# Almond x Faded



## tmaas (May 17, 2012)

I have mentioned my almond x faded experiment, that I tried this season, on the "almond question" thread, but decided to start a new one. 

I understand that most fanciers agree that almond and faded are allelic, however, I tend to disagree after beginning this experiment. I mated a faded brown t-check, het. rec. red, cock with an almond, het. rec. red hen. The mating resulted in 1 rec.red, 2 deroy, 1 blue check, 1 brown check and 1 bird (pictured) that appears to be a combination of almond and faded on rec. red. This cock bird has no blue/black flecks but rather rec. red flecks on almondish ground color. I've raised faded rec. reds some years ago but they were much darker red than this bird resembling a poor colored rec. red.

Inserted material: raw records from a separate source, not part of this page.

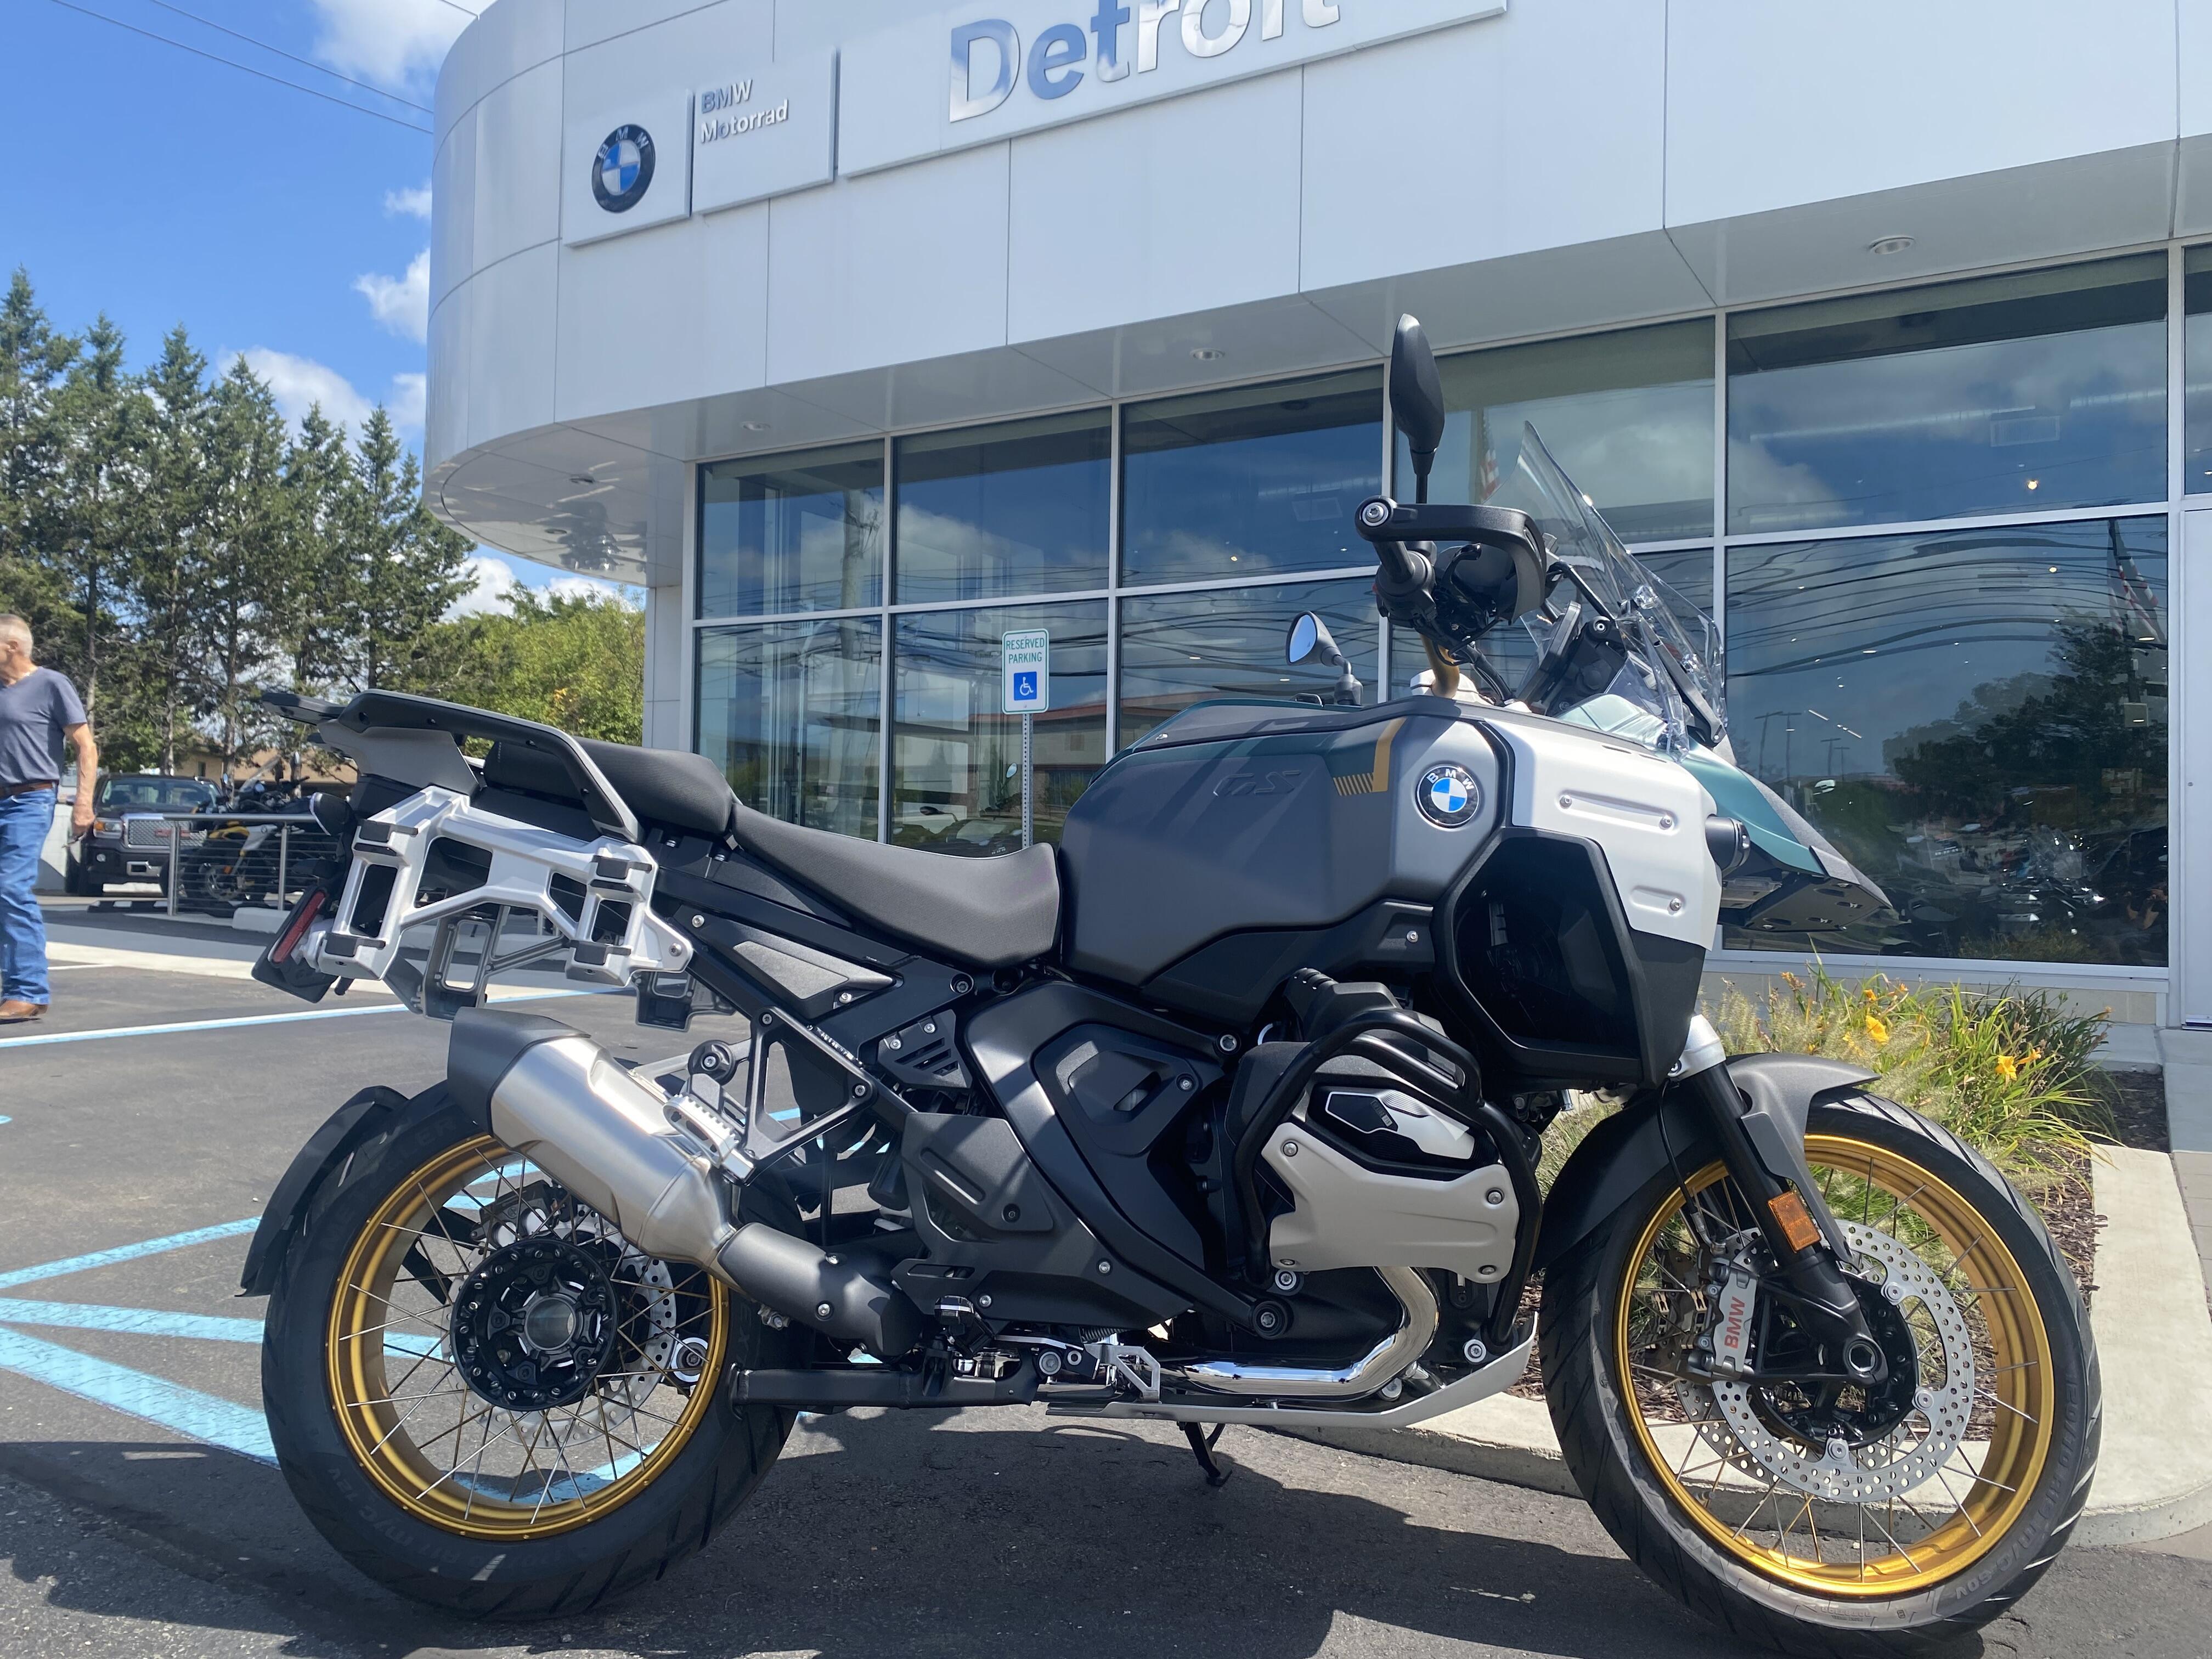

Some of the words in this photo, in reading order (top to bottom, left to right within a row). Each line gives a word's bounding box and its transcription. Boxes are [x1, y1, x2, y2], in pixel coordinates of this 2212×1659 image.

[701, 78, 753, 114] BMW
[701, 99, 788, 144] Motorrad
[1006, 637, 1045, 650] RESERVED
[1008, 652, 1042, 664] PARKING
[1426, 768, 1475, 790] BMW
[1724, 1296, 1745, 1348] BMW
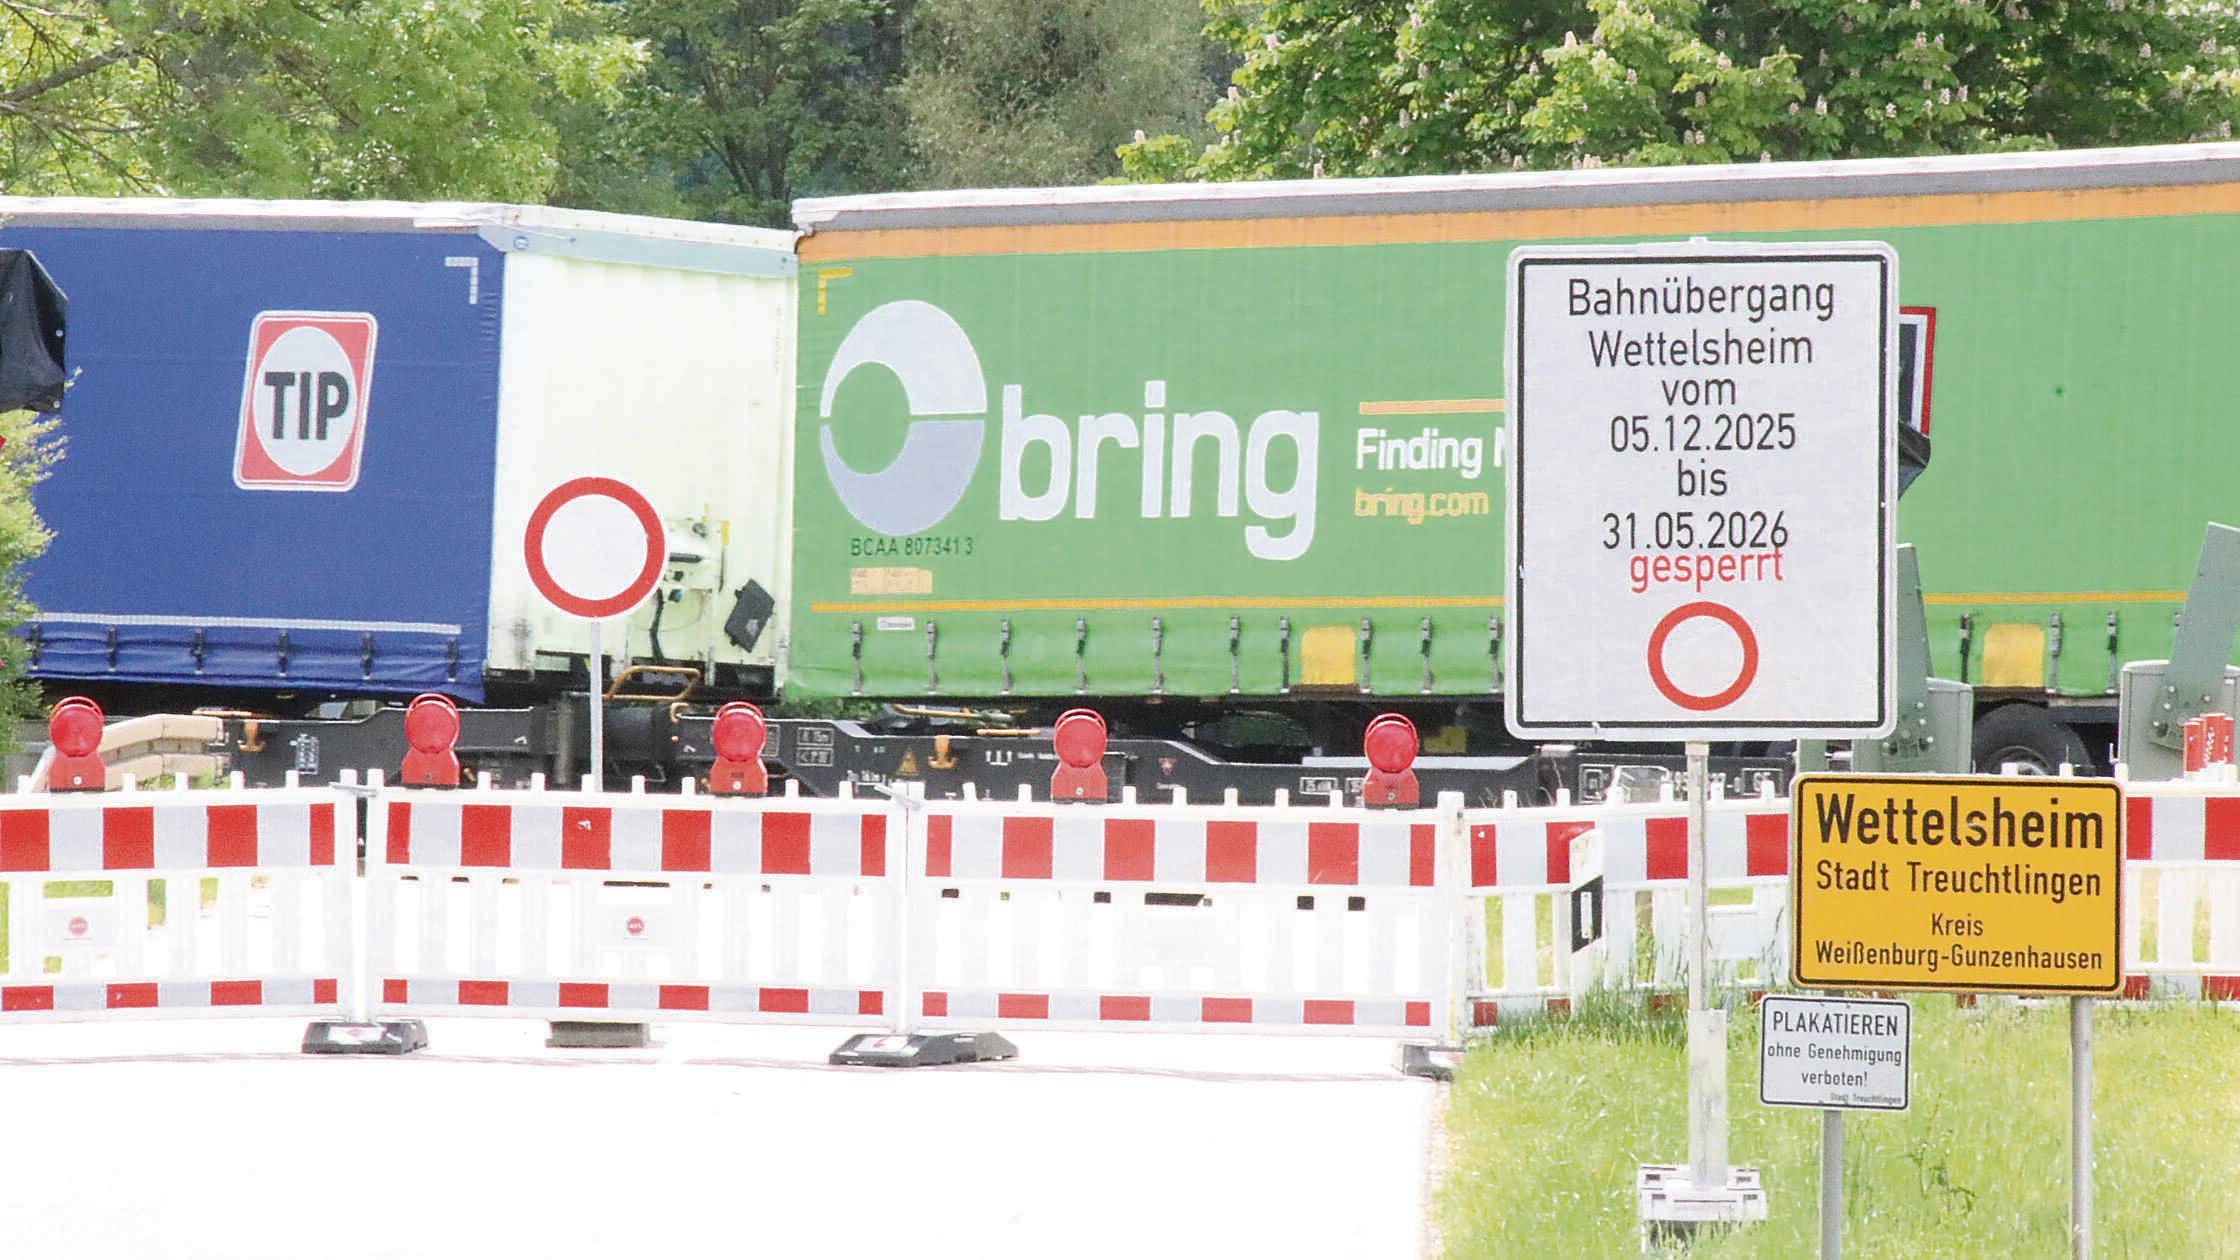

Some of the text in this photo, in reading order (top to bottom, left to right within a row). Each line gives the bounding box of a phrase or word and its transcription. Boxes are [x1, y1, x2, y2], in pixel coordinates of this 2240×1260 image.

If anyone else has experimented with this combination please share your thoughts.


----------



## MaryOfExeter (Sep 30, 2007)

When I saw this picture, it reminded me of this recessive yellow qualmond.


----------



## tmaas (May 17, 2012)

The rr brother of this bird has moulted into an interesting color as well. He has some blue/black feathering and lace effect throughout head, neck and wings along with white splatterings on flights and rump. There is no grizzle in either of the parents families and the rr ancestors are deep rich red color. I suspect this bird is a rr almond (not deroy), if that's possible. The deroy sibling is typical decoy. Could have the combination of the faded and almond genes on rr morphed into this? Any suggestions?


----------